The documentation summarises this nicely: "The general form of a recursive WITH query is always a non-recursive term, then UNION (or UNION ALL), then a recursive term, where only the recursive term can contain a reference to the query's own output."
So we can derive that the non-recursive term is the base result set and the the recursive term, which can consist of one to n CTEs are joined by an UNION [ALL]. The recursion halts if the previous iteration doesn't return any new rows.

Now that we have a basic idea of the structure, the next step is to convert this top level artist lookup into a CTE:

WITH RECURSIVE root_aritst AS (
  SELECT *
  FROM   artists
  WHERE  alias IS NULL
)

SELECT * FROM root_aritst;

By using the WITH RECURSIVE clause we can rebuild our query to go through level by level and return a hierarchical structure representing an artist's aliases and the aliases for these aliases etc.

WITH RECURSIVE leveln AS (
  SELECT *, '' AS alias
  FROM   artists
  WHERE  alias IS NULL
  UNION ALL
  SELECT artists.*, leveln.name alias FROM artists
  JOIN leveln on leveln.id = artists.alias
)

SELECT * FROM leveln;

We start with the root level, the base artist representations, and then start looking for artist entries that reference these representations. Once we have the 1st level aliases, our query will try to find all aliases referencing these 1st level aliases and so forth. By designing our query this way, we can go n levels deep.

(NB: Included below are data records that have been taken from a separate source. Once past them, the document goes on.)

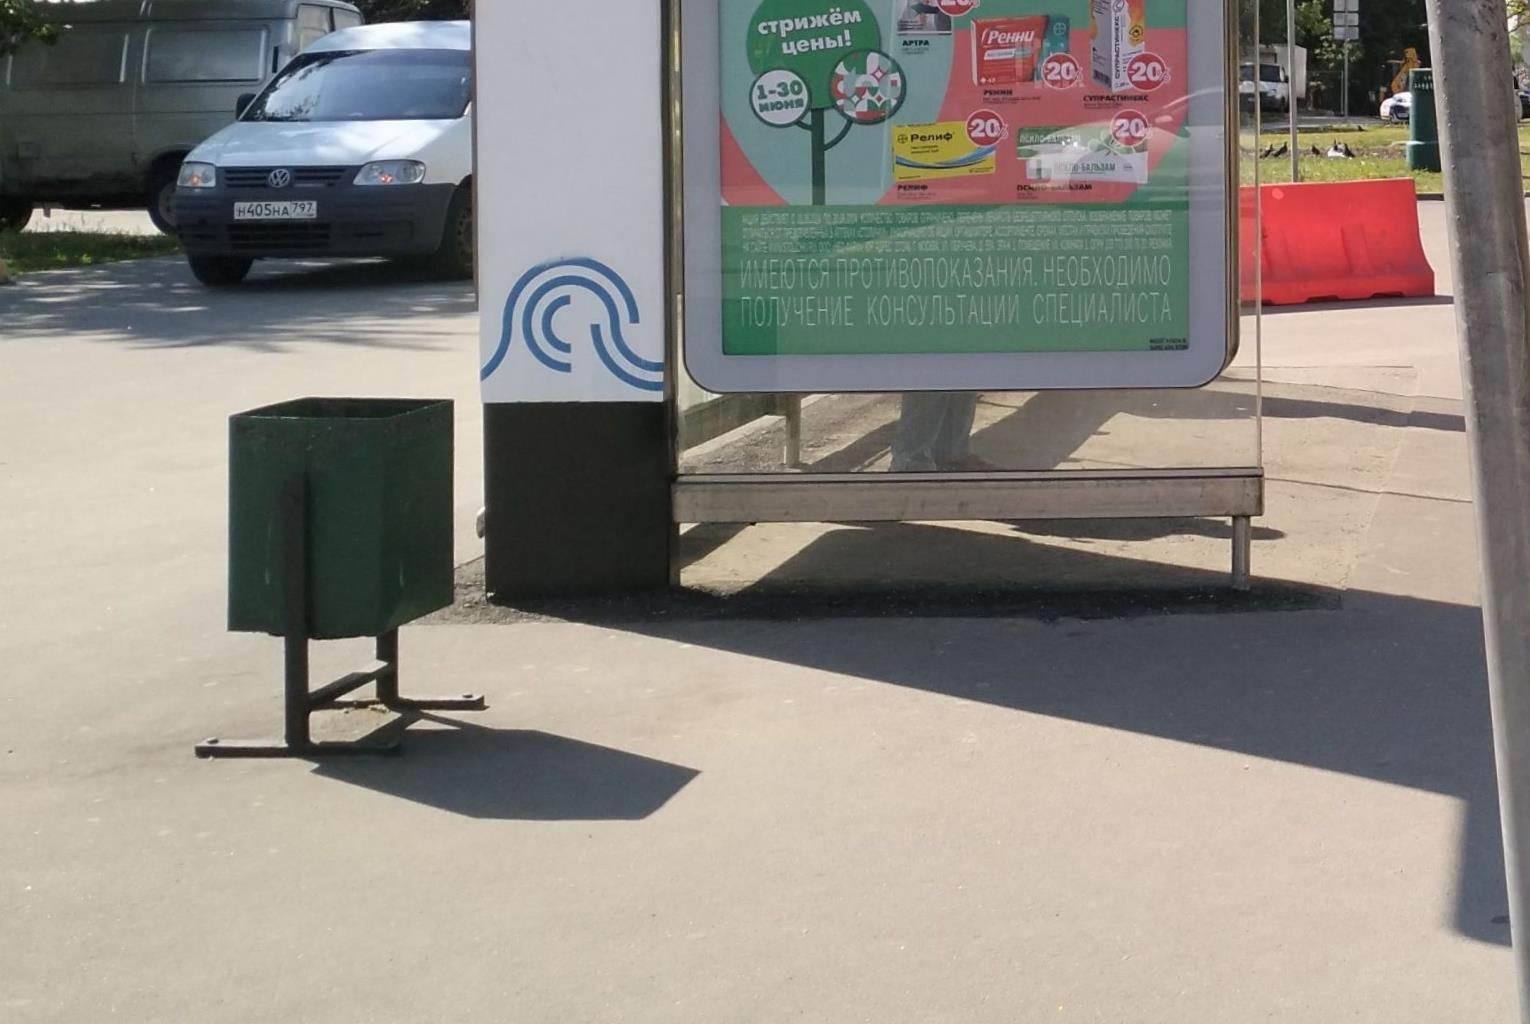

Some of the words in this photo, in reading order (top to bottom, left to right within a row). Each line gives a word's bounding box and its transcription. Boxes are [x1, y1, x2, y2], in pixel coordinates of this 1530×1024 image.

[757, 7, 862, 37] стрижём
[781, 29, 853, 55] цены!
[902, 39, 930, 47] АРТРА
[987, 30, 1036, 45] Ренни
[756, 79, 804, 100] 1-30
[910, 130, 953, 143] Релиф
[740, 258, 830, 290] ИМЕЮТСЯ
[835, 256, 1039, 289] ПРОТИВОПОКАЗАНИЯ.
[1043, 255, 1171, 289] НЕОБХОДИМО
[740, 295, 854, 327] ПОЛУЧЕНИЕ
[866, 293, 1020, 327] КОНСУЛЬТАЦИИ
[1032, 291, 1172, 327] СПЕЦИАЛИСТА

NOTE: We need to ensure that we don't run into some endless recursion.
A follow-up post will focus on optimisations and how to avoid pitfalls.

Summary

These notes on CTEs should have helped with better understanding common table expressions. Especially how a CTE is constructed and how to combine multiple CTEs for more complex operations as well as how to use recursion for specific cases.
As a round up, we can see that CTEs come with some nice benefits:

They can be more readable than regular subqueries and very helpful when it comes to reuse.
Multiple CTEs can be constructed and reused and combined in a later statement, enabling us to use the expressions in a more flexible manner.
Leveraging recursive CTEs, we can do more complicated calculations while keeping these complex operations readable.
CTEs can be joined with other tables and window functions. This can help us to filter out specific data step by step. Refining our result set along the way.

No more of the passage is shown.